Abstract

The purpose of the present study was to (1) examine the differences in adverse childhood experiences (ACEs) among children with autism spectrum disorder (ASD), attention-deficit/hyperactivity disorder (ADHD), and comorbid ASD/ADHD and healthy neurodevelopmental controls; (2) explore the levels of family resilience across diagnostic categories; (3) identify the differences in family resilience by the number of ACEs; and (4) explore the interaction between ACEs and the diagnostic category on family resilience. Participants were 2083 children between the ages of 6 and 17 years (M = 12.23, SD = 3.36) from the 2016 National Survey of Children's Health. The majority of the sample were male (68.7%) and white (78.6%). Overall, youth diagnosed with solely ADHD had the highest number of ACEs (Madj = 1.94).

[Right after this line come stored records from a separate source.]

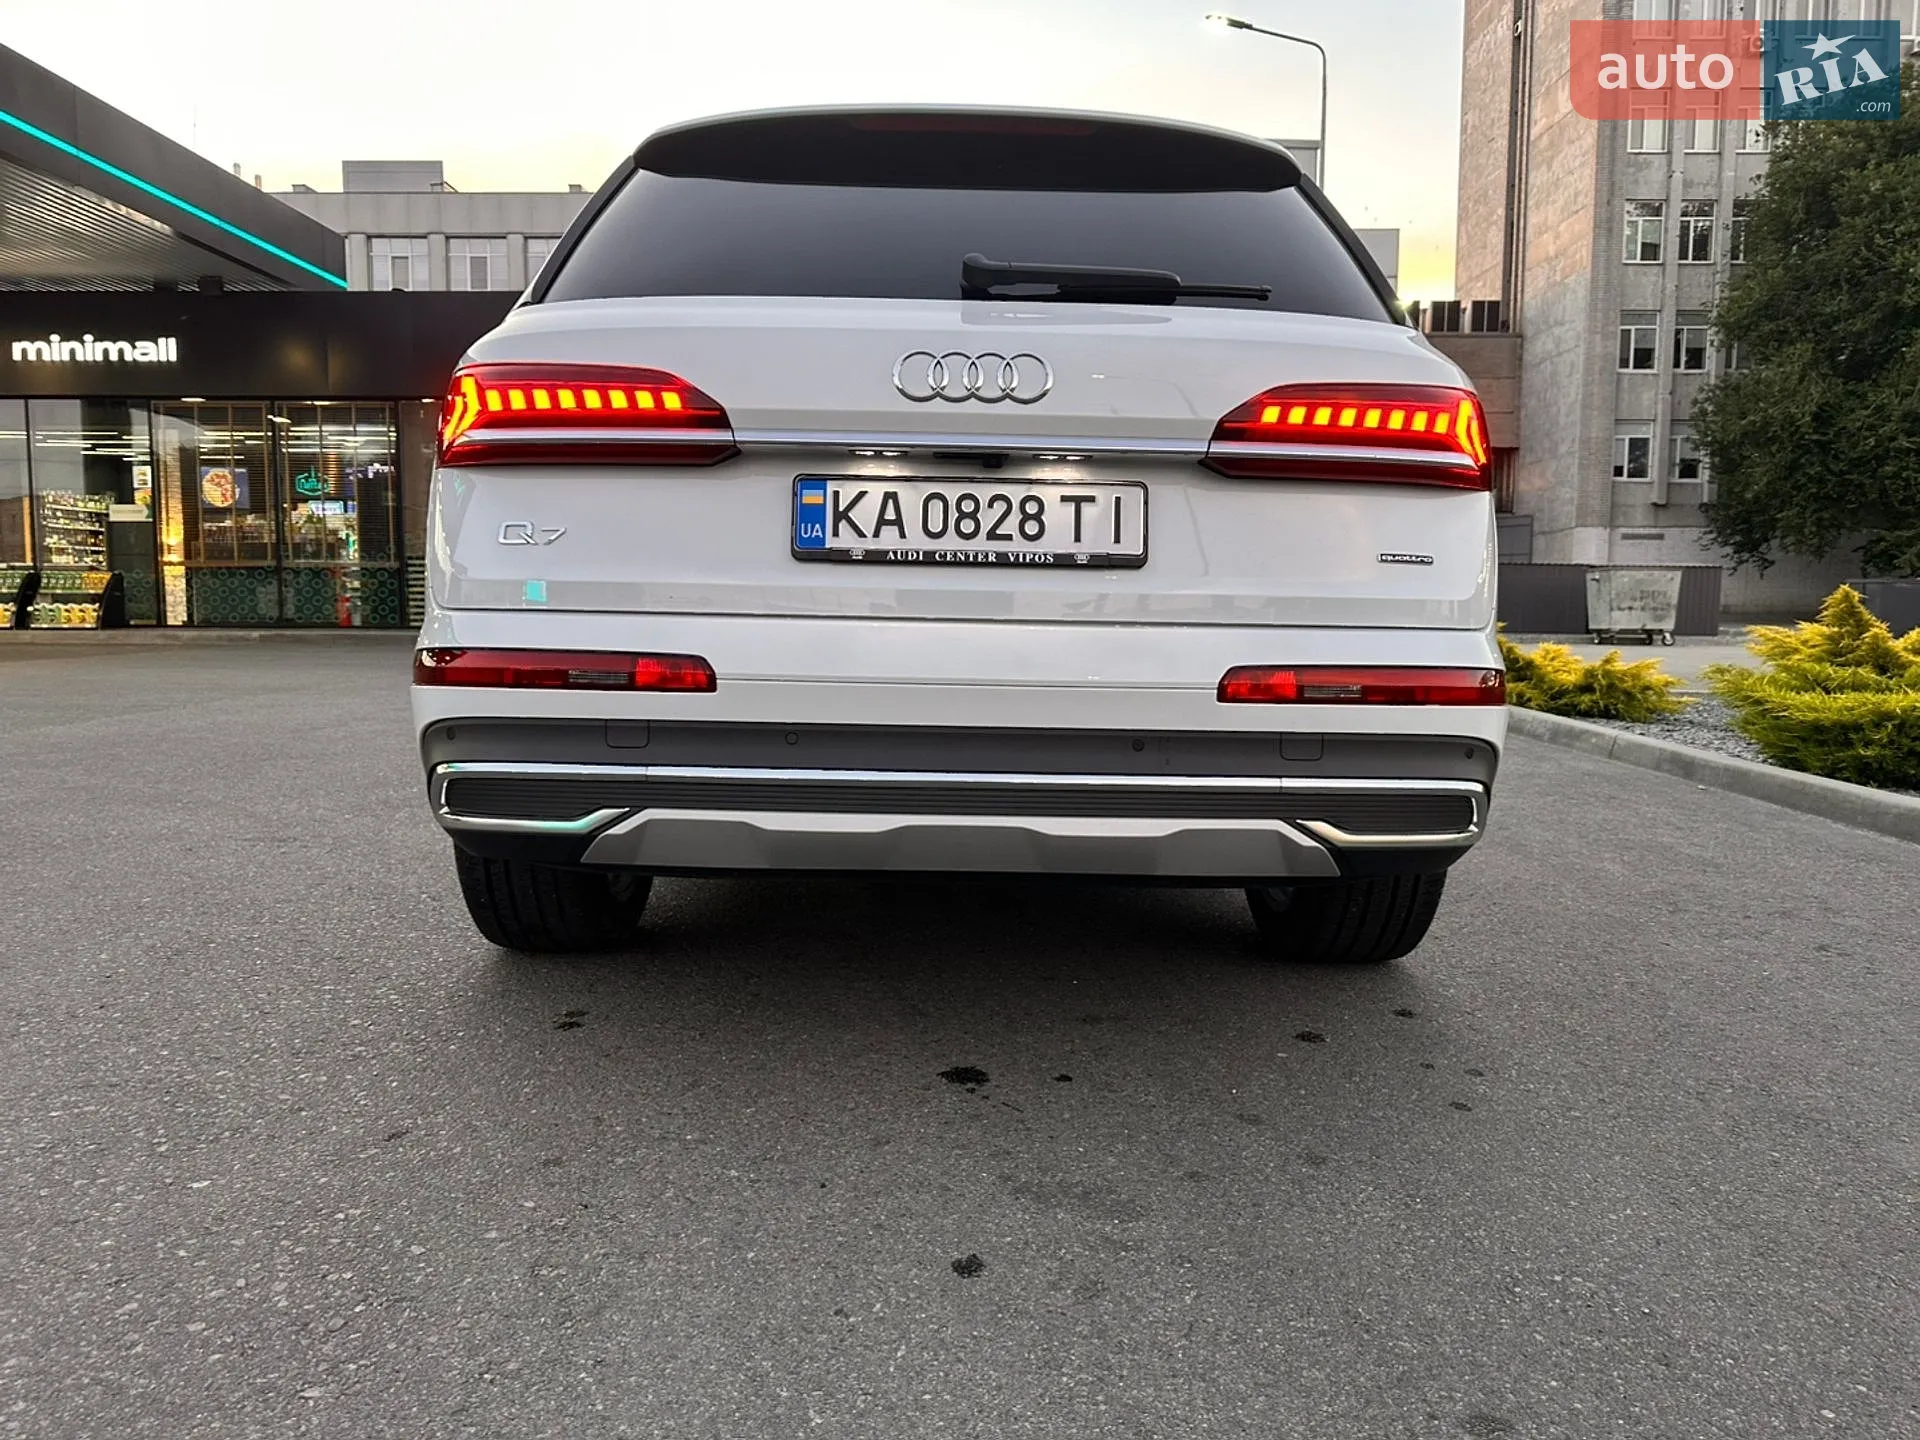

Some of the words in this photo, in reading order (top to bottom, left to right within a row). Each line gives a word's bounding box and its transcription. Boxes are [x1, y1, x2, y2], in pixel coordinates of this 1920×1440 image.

[11, 333, 178, 363] minimall
[831, 490, 908, 540] KA
[920, 492, 1047, 543] 0828
[1060, 494, 1122, 545] TI
[497, 521, 568, 546] Q7
[801, 523, 824, 539] UA
[886, 551, 924, 562] AUDI
[935, 551, 997, 563] CENTER
[1008, 552, 1055, 564] VIPOS
[1381, 554, 1433, 564] quattro
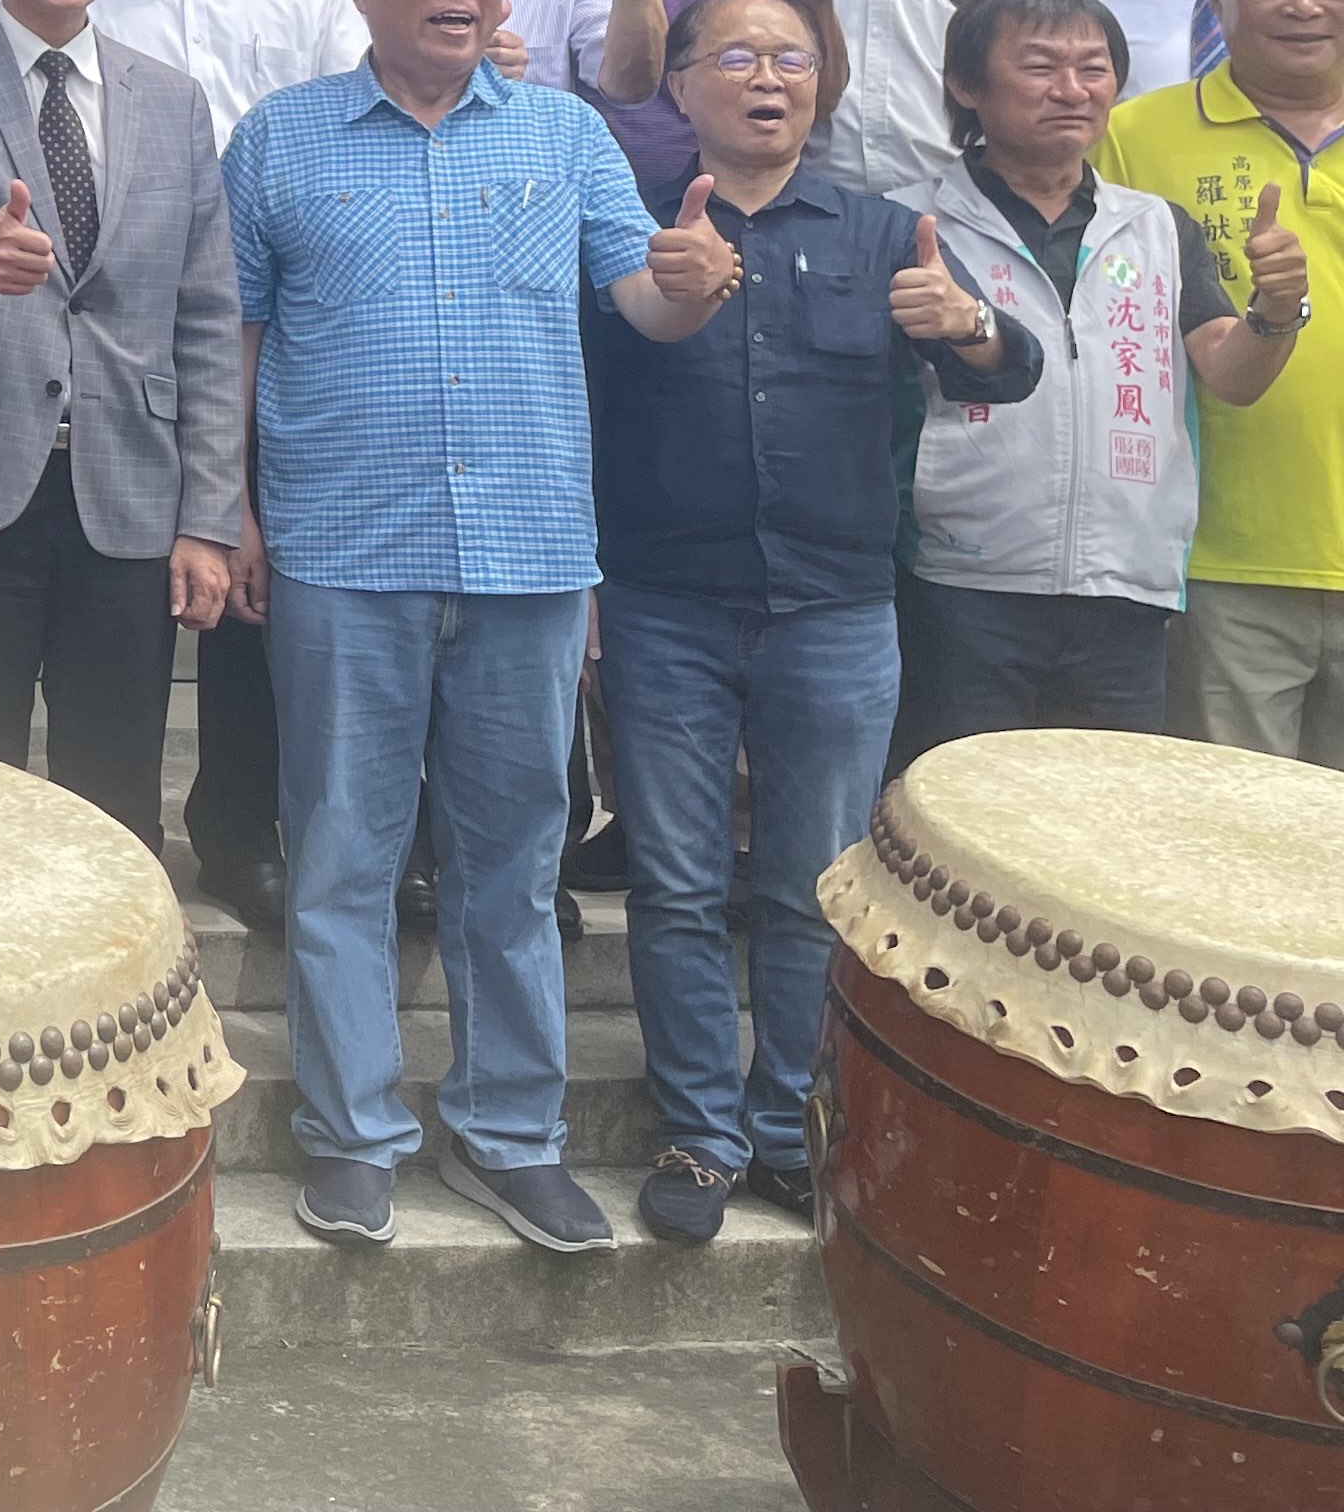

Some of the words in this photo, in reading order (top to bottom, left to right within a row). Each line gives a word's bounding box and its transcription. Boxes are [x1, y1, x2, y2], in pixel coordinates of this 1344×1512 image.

In addition, individuals who endorsed exposure to 1 ACE reported higher levels of family resilience in comparison to those who reported 0 ACEs or 2 or more ACEs. Family resilience did not differ between youth who experienced 2 or more ACEs and youth who experienced 0 ACEs. Youth diagnosed with comorbid ASD/ADHD had the lowest levels of family resilience. Interestingly, family resilience did not differ between ADHD and neurotypical youth. Youth diagnosed with ADHD seem to be at the highest risk for ACEs. Those with comorbid ASD/ADHD report the lowest levels of family resilience when controlling for exposure to ACEs. Families of youth with ASD had lower levels of family resilience than those of neurotypical youth when controlling for exposure to ACEs, whereas families of youth with solely ADHD displayed similar levels of family resilience in comparison to neurotypical youth and their families. Results have implications for prevention and intervention with ASD and/or ADHD youth and their families.